If you could find an airbnb location that is walking distance from your house, that would be an ideal compromise.
posted by fermezporte at 10:52 AM on August 1, 2014 [2 favorites]


I frankly find it bizarre that he would expect you to house him, ridiculously selfish and disingenious that he would actually question why you changed your mind (I men really, duh) and completely reasonable to make him pay for his own lodgings. If I were your partner I'd be seriously worried about your boundaries due to you having made this offer and being reluctant to change it. I would wonder why your priorities involved doing so much for him at the expense of our relationship and yes, your children, who would not benefit from him staying there.
posted by celtalitha at 11:00 AM on August 1, 2014 [14 favorites]

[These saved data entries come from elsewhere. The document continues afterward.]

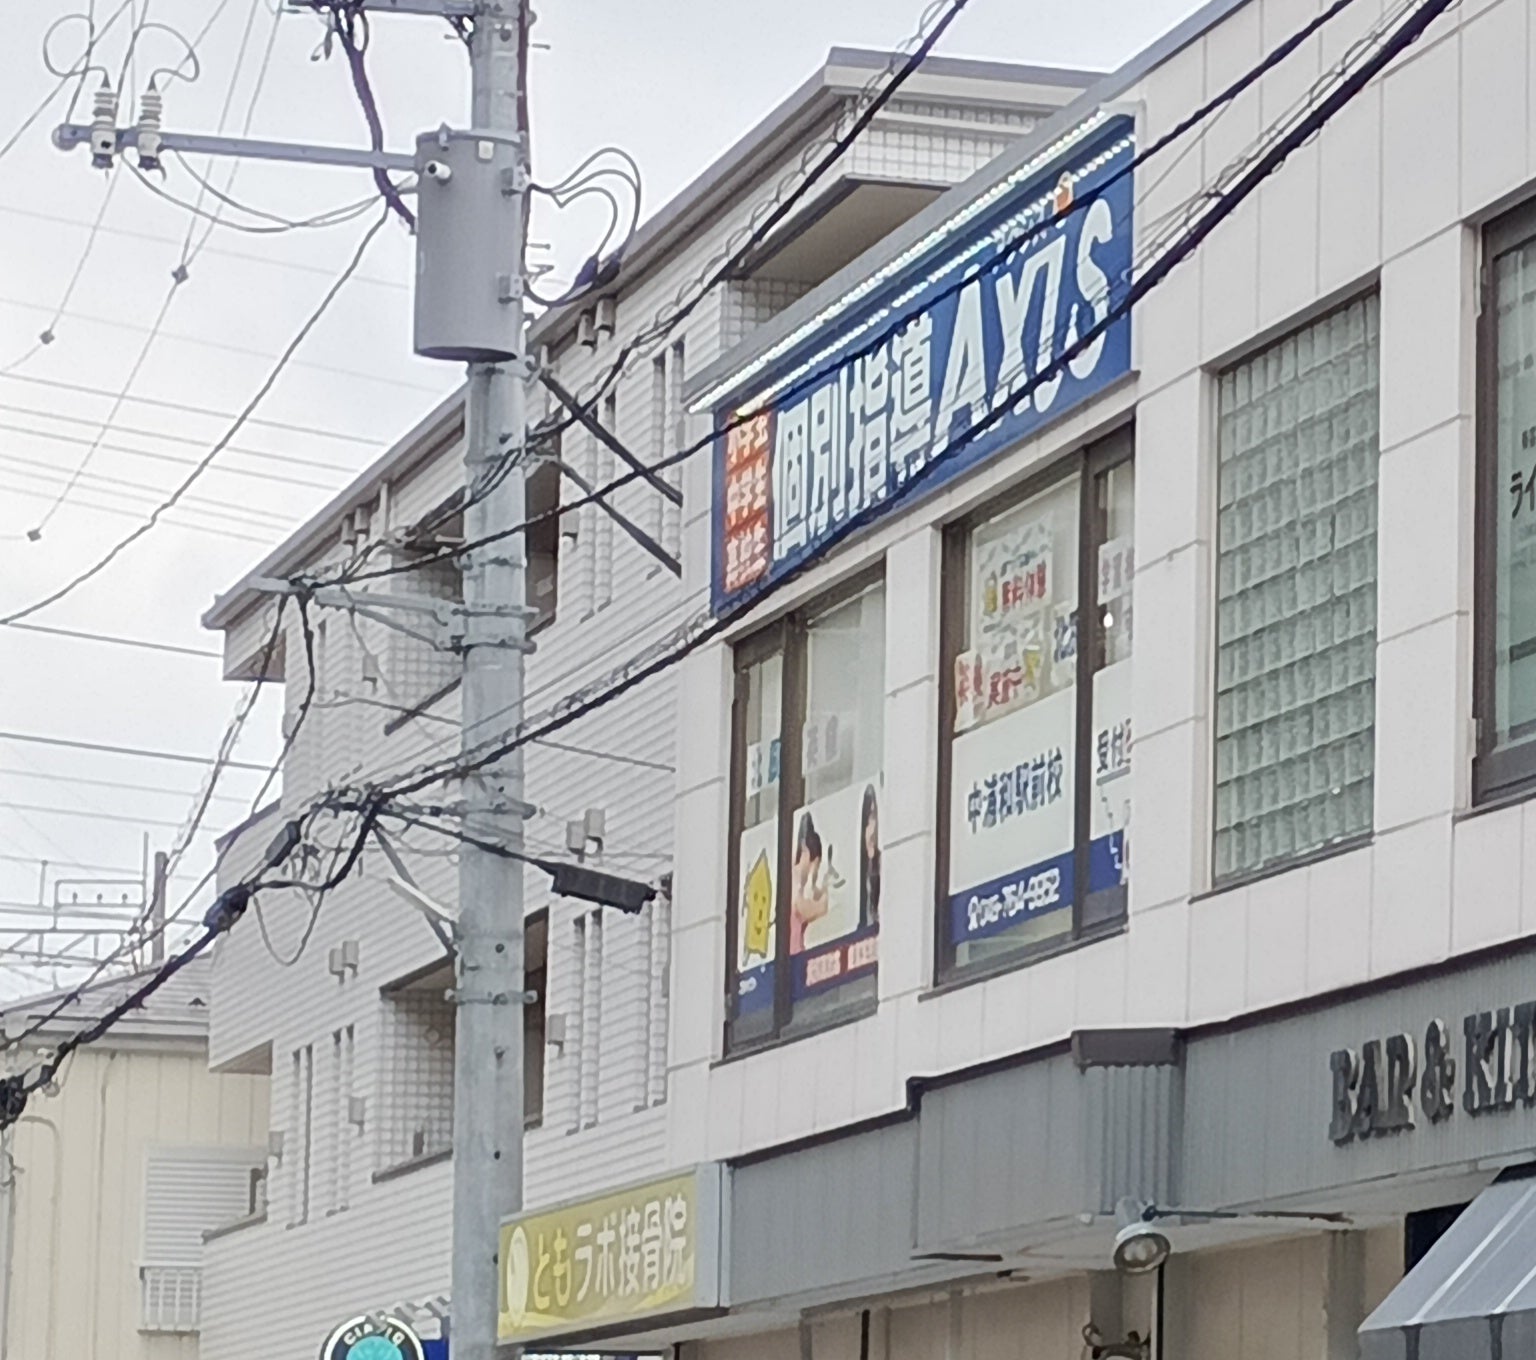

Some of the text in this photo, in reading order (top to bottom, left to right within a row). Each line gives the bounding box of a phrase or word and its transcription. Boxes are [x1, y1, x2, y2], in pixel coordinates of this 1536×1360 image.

[772, 308, 933, 561] 個別指導
[533, 1193, 688, 1310] ともラボ接骨院
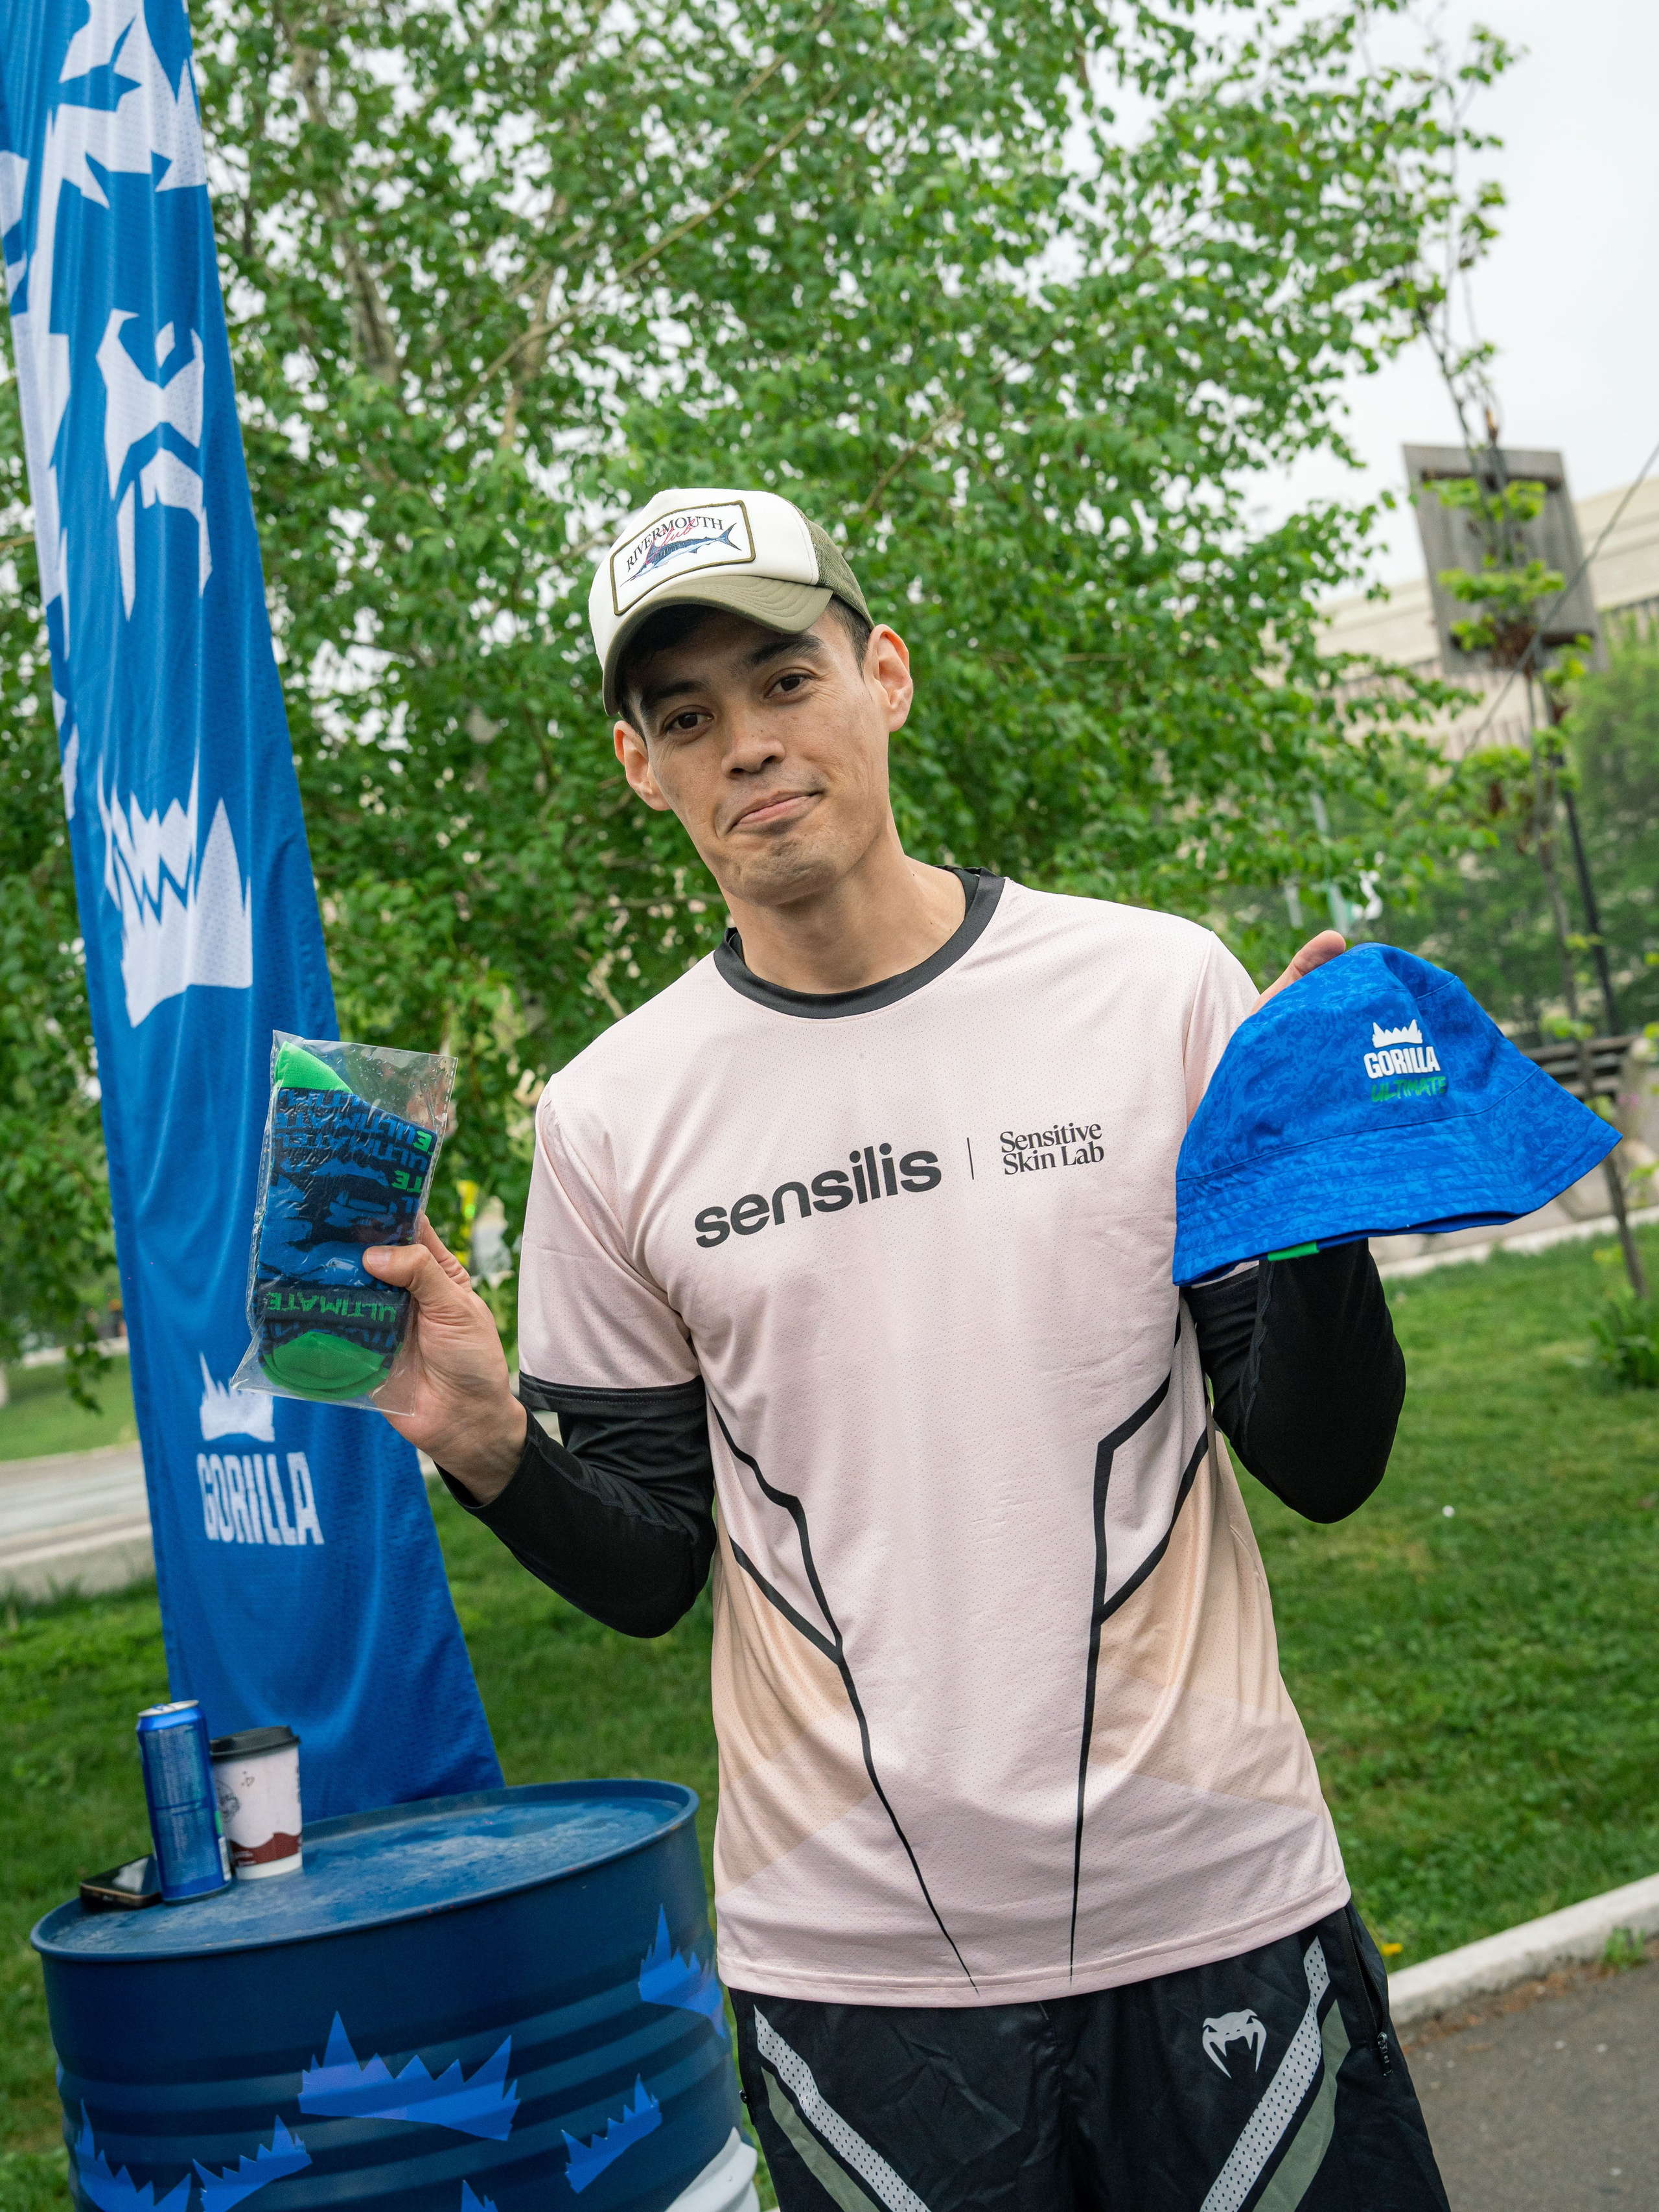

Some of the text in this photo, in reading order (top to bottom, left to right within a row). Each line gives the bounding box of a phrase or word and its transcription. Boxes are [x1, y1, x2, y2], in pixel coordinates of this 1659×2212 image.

[626, 516, 724, 572] RIVERMOUTH
[1363, 1046, 1441, 1079] GORILLA
[1371, 1076, 1447, 1102] ULTIMATE
[1003, 1141, 1104, 1175] Skin Lab
[695, 1123, 1102, 1248] sensilis Sensitive
[266, 1292, 397, 1323] ULTIMATE
[196, 1451, 324, 1546] GORILLA

Ah, I missed the part where you already informed him that he couldn't stay with you.

Still standing by your answer to "why" simply being "it just won't work for us."

> "I have very mixed feelings and wish with my whole heart to be able simply to welcome him in a friendly way and make his three weeks with the children as wonderful as possible for them, sharing my home and car with him and eating together like friends."

That's not really wonderful for the kids any more than being a jerk to him would be good for the kids. Either your kids believe the act and get confused about why Daddy isn't here all the time since everything is fine now, or (more likely) their BS detectors go off and they get confused about why you're pretending.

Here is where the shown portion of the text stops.